Hi @frankderuyck,
SVEM analysis works great in two situations :
- To build predictive model with very limited data, by stacking the different individual models that have been trained and validated on slightly different data (different weights for training and validation).
- To assess practical significance and increase the precision of effects estimates for unique individual experiments (no replicates) in a Machine Learning way, thanks to models stacking.
No matter the situation, it's important to remember in which context SVEM technique has been introduced : to provide a validation technique/framework in the presence of small dataset without any other possible validation technique.
Talks and presentations : Re-Thinking the Design and Analysis of Experiments? (2021-EU-30MP-776) - JMP User Community
SVEM: A Paradigm Shift in Design and Analysis of Experiments (2021-EU-45MP-779) - JMP User Community
So just conceptually, I have mixed feelings about the idea of combining SVEM and replicates, as this looks like the merging of two different model building methodologies that rely on different concepts, objectives and validation methodologies : screening based on statistical significance and error/noise estimation for designs involving replicates and statistical modeling vs. predictive modeling based on predictive accuracy and bootstrapping/models stacking.
In presence of replicates, I fear that data leakage may occur when using SVEM for model building : as each experiment will have randomly (and in an anticorrelated way) training and validation weights, replicate runs could have different emphasis on training and validation, even if they represent the same treatment ! So the model building may be slightly biased (as it has information on the training and validation sets through replicates with different weights), and may result in "overconfidence" and a big decrease of standard deviation for terms estimates :
When increasing the variability between replicates on the same example (Reactor 20 Custom JMP dataset with added replicate runs up to 30 runs vs. original Reactor 20 Custom dataset), you can see that the two situations of using SVEM on design with replicates and using SVEM without replicates are fairly similar in terms of estimates and standard errors :
So again, I don't see what could be the benefit of merging these two techniques, as you're merging two (very) different validation techniques, which is not why SVEM has been created for.
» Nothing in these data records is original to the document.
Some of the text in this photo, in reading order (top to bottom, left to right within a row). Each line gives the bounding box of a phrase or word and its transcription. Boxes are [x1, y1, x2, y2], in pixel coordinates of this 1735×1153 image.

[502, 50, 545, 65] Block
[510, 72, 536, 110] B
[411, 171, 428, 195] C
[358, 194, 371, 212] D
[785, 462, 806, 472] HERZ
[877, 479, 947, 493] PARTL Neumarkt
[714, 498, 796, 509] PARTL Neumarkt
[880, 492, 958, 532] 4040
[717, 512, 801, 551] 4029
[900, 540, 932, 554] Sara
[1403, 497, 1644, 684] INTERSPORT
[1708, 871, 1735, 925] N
I'm also skeptical about using SVEM to estimate within replicate variation, as you can already have this information if you have replicates with a standard analysis, and using SVEM might decrease the estimation of standard deviation, like bootstrapping : see the great interactive visualization for bootstrapping : Seeing Theory - Frequentist Inference
For other interested in this discussion, here are the recordings of DoE Club Q4 : Recordings DOE Club Q4 2024
Hope the response make sense and interested in the inputs from other members,
Victor GUILLER
L'Oréal Data & Analytics
"It is not unusual for a well-designed experiment to analyze itself" (Box, Hunter and Hunter)